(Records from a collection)
Content starts

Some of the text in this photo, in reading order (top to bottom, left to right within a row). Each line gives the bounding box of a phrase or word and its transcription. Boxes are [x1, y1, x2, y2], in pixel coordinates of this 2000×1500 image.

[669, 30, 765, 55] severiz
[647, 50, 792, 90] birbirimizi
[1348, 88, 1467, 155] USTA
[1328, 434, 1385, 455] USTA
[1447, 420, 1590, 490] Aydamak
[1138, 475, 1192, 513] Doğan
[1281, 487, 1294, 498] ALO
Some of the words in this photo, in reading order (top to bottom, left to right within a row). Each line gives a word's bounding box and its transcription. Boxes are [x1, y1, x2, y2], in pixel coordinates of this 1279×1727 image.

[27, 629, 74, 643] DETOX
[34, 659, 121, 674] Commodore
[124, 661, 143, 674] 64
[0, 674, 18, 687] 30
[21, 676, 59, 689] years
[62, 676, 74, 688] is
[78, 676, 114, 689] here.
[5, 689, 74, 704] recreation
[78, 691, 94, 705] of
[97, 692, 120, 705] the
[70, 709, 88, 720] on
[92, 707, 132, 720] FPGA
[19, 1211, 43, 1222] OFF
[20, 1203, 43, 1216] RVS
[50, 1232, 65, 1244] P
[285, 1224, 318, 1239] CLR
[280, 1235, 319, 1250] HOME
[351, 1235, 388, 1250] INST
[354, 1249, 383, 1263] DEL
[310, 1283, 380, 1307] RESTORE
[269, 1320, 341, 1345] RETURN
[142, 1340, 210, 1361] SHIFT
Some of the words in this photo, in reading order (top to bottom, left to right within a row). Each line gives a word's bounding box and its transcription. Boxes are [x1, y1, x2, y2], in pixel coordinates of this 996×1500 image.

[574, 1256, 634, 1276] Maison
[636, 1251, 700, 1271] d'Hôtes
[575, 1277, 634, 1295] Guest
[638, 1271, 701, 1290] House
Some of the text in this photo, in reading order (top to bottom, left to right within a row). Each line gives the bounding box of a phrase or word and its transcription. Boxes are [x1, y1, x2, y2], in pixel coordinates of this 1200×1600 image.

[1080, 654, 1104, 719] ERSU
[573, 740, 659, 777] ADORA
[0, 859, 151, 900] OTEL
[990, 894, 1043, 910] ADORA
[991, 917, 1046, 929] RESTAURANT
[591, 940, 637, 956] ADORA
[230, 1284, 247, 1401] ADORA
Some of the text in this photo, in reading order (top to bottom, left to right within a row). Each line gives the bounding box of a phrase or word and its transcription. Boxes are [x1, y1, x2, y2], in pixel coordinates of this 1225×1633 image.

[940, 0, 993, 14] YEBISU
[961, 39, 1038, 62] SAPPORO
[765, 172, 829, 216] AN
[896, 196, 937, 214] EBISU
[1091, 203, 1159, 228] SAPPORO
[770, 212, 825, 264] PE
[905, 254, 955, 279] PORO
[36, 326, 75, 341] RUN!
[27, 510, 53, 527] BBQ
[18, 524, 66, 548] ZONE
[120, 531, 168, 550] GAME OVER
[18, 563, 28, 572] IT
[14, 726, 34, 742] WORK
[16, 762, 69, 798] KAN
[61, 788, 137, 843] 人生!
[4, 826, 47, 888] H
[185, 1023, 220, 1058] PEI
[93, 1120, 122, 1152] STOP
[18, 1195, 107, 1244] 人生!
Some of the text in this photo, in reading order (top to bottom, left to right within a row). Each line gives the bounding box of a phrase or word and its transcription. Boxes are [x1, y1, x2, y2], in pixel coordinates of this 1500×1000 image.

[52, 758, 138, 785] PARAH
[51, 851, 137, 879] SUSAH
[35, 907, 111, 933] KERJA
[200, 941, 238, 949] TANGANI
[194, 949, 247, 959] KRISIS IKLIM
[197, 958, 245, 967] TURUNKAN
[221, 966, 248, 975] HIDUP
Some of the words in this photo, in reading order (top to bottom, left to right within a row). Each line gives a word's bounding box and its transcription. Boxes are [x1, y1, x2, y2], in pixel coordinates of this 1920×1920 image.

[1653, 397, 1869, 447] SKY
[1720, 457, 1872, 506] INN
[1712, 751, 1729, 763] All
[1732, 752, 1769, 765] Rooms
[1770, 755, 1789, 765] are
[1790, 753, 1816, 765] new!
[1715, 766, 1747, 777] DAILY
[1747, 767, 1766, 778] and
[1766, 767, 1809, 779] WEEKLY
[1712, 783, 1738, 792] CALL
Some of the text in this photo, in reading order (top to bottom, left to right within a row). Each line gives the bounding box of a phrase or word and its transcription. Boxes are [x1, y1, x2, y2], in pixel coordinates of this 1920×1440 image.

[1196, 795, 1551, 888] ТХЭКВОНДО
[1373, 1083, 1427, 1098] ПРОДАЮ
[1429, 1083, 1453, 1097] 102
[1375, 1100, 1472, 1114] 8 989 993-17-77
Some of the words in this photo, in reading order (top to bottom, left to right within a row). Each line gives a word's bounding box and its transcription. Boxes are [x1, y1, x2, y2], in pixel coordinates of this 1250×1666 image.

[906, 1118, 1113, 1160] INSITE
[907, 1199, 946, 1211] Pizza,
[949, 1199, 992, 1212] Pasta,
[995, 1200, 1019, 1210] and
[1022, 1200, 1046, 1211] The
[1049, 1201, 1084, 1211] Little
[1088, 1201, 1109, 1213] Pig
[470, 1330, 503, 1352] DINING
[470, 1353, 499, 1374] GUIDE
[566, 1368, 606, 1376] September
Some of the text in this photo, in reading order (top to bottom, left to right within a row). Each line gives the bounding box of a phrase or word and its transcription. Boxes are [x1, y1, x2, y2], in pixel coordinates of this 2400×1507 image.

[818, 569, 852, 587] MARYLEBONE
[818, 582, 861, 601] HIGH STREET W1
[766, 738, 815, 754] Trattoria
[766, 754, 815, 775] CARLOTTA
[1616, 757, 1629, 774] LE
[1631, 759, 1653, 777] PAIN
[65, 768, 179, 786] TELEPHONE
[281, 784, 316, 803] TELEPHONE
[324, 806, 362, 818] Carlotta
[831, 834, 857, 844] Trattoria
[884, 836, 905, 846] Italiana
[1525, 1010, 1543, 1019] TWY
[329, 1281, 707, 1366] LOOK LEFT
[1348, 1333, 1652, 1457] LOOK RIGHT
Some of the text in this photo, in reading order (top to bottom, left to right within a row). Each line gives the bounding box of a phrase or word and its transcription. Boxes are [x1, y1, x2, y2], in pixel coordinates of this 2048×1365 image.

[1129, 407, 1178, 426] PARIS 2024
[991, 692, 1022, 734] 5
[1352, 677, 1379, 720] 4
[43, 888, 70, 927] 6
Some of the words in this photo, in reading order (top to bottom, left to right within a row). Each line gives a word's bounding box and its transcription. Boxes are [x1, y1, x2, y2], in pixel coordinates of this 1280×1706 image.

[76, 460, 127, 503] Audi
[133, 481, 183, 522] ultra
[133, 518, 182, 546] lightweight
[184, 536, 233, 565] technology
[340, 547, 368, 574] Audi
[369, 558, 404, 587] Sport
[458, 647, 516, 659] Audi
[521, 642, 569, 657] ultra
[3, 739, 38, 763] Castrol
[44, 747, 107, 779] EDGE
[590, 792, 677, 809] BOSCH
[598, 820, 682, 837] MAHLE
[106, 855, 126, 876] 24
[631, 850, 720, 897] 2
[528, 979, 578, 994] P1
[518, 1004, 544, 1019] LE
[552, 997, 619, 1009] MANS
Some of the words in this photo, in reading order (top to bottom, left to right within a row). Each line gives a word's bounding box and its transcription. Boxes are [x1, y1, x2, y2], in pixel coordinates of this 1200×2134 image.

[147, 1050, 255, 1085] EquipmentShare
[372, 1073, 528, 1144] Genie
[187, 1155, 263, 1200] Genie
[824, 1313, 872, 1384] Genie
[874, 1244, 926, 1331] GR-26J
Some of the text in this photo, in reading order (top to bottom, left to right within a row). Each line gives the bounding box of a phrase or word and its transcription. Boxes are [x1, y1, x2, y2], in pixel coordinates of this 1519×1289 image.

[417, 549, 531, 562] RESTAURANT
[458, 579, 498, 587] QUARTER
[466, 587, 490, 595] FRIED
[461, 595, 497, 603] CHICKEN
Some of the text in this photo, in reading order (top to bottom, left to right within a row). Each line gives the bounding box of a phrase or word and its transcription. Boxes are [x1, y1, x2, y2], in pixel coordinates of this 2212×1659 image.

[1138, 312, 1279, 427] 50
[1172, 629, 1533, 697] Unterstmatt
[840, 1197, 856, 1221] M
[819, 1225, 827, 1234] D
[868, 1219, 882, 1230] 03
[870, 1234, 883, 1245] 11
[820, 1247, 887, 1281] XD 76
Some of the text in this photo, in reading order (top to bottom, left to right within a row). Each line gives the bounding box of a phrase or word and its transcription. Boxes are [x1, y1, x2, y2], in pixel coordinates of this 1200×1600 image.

Content ends

→ **WHAT IS REQUIRED**
All that the answer may hold is the lines from the one with "this 2212×1659 image." through the end of the data, set down exactly as they appear.

→ **FINISHED EXERCISE**
Some of the text in this photo, in reading order (top to bottom, left to right within a row). Each line gives the bounding box of a phrase or word and its transcription. Boxes are [x1, y1, x2, y2], in pixel coordinates of this 2212×1659 image.

[1138, 312, 1279, 427] 50
[1172, 629, 1533, 697] Unterstmatt
[840, 1197, 856, 1221] M
[819, 1225, 827, 1234] D
[868, 1219, 882, 1230] 03
[870, 1234, 883, 1245] 11
[820, 1247, 887, 1281] XD 76
Some of the text in this photo, in reading order (top to bottom, left to right within a row). Each line gives the bounding box of a phrase or word and its transcription. Boxes are [x1, y1, x2, y2], in pixel coordinates of this 1200×1600 image.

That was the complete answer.